▶ **WHAT THIS TASK INVOLVES**: All of the data, except its images, should be set down exactly as it appears.

◇ ◇ ◇ ◇ ◇

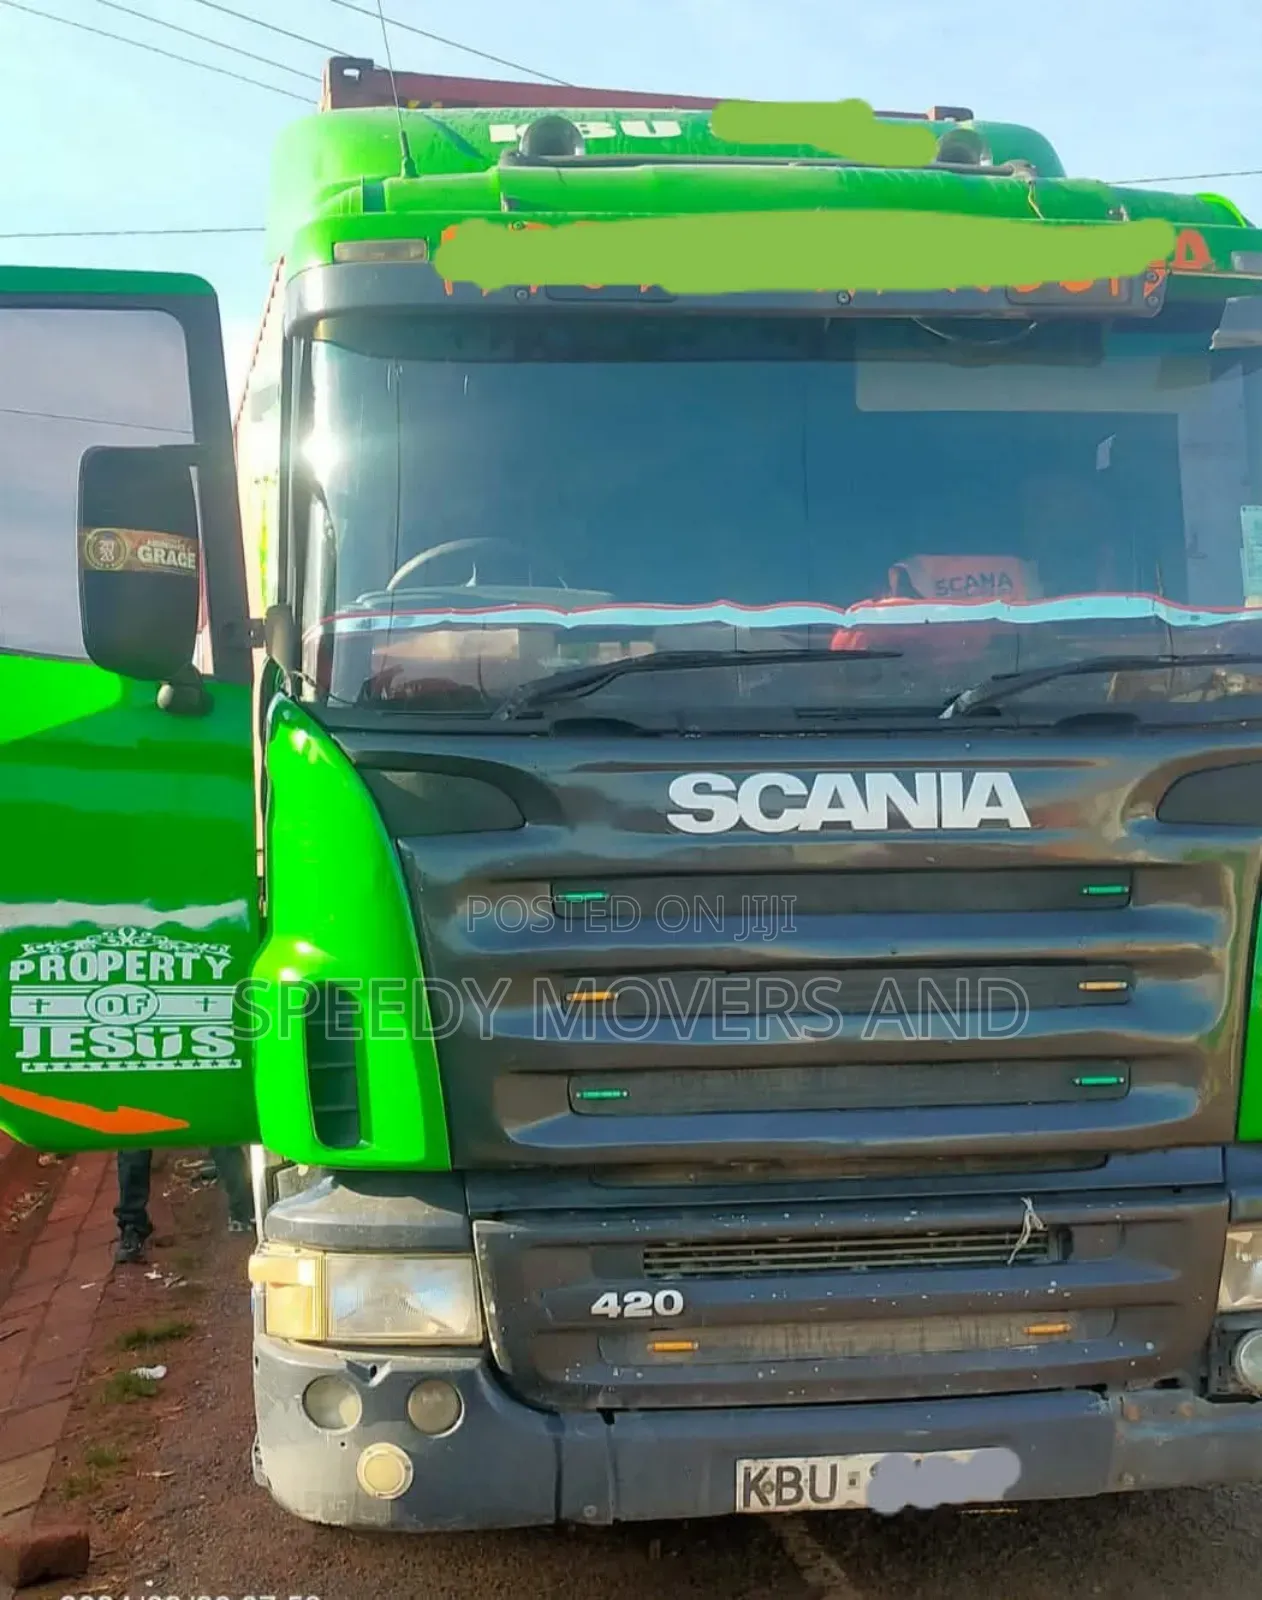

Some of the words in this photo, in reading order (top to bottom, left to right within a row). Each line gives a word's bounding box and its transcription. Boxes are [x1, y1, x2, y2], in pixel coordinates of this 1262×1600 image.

[137, 545, 196, 569] GRACE
[666, 771, 1031, 834] SCANIA
[9, 949, 232, 982] PROPERTY
[94, 993, 151, 1016] OF
[15, 1026, 236, 1058] JESUS
[590, 1289, 684, 1319] 420
[742, 1463, 838, 1509] KBU
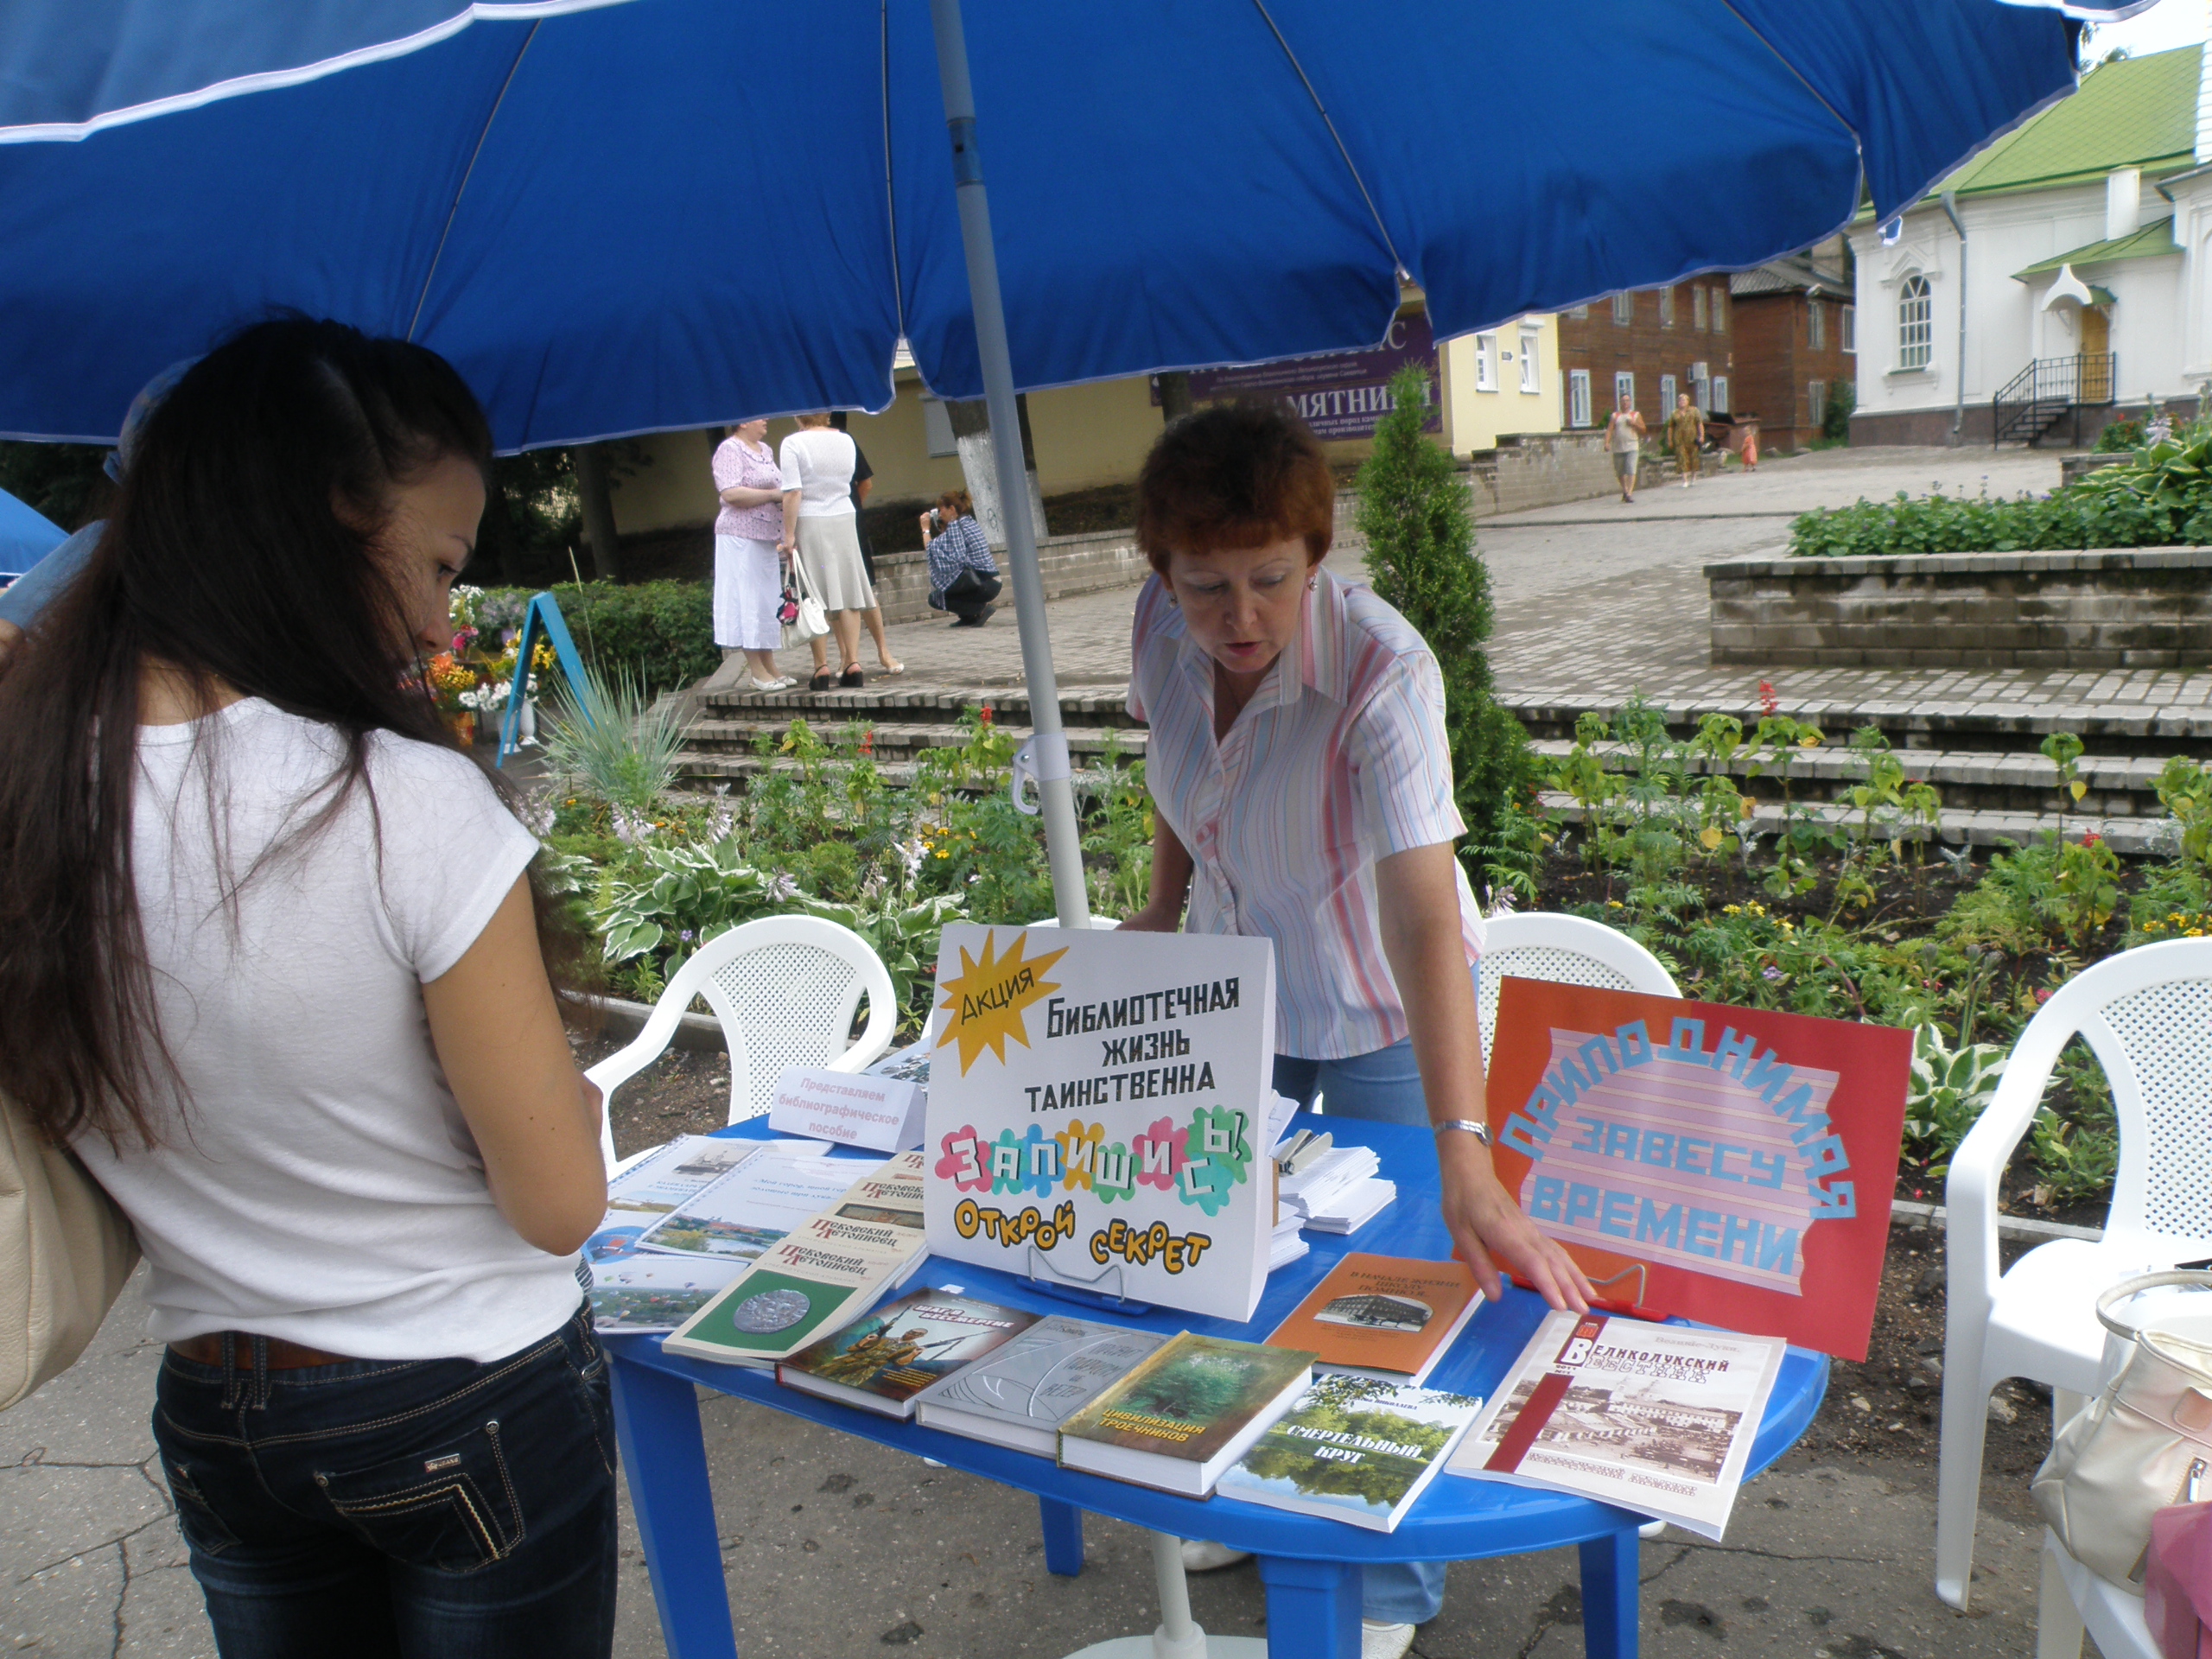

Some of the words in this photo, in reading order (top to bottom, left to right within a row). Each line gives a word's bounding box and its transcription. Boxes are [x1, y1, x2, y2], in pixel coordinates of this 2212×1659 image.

◇ ◇ ◇ ◇ ◇

▶ **OUTPUT BELOW**:
Some of the words in this photo, in reading order (top to bottom, left to right within a row). Each line gives a word's bounding box and its transcription. Boxes are [x1, y1, x2, y2], in pixel coordinates of this 1262×1600 image.

[137, 545, 196, 569] GRACE
[666, 771, 1031, 834] SCANIA
[9, 949, 232, 982] PROPERTY
[94, 993, 151, 1016] OF
[15, 1026, 236, 1058] JESUS
[590, 1289, 684, 1319] 420
[742, 1463, 838, 1509] KBU

Some of the words in this photo, in reading order (top to bottom, left to right within a row). Each line gives a word's bounding box and its transcription. Boxes are [x1, y1, x2, y2], in pixel coordinates of this 2212×1659 image.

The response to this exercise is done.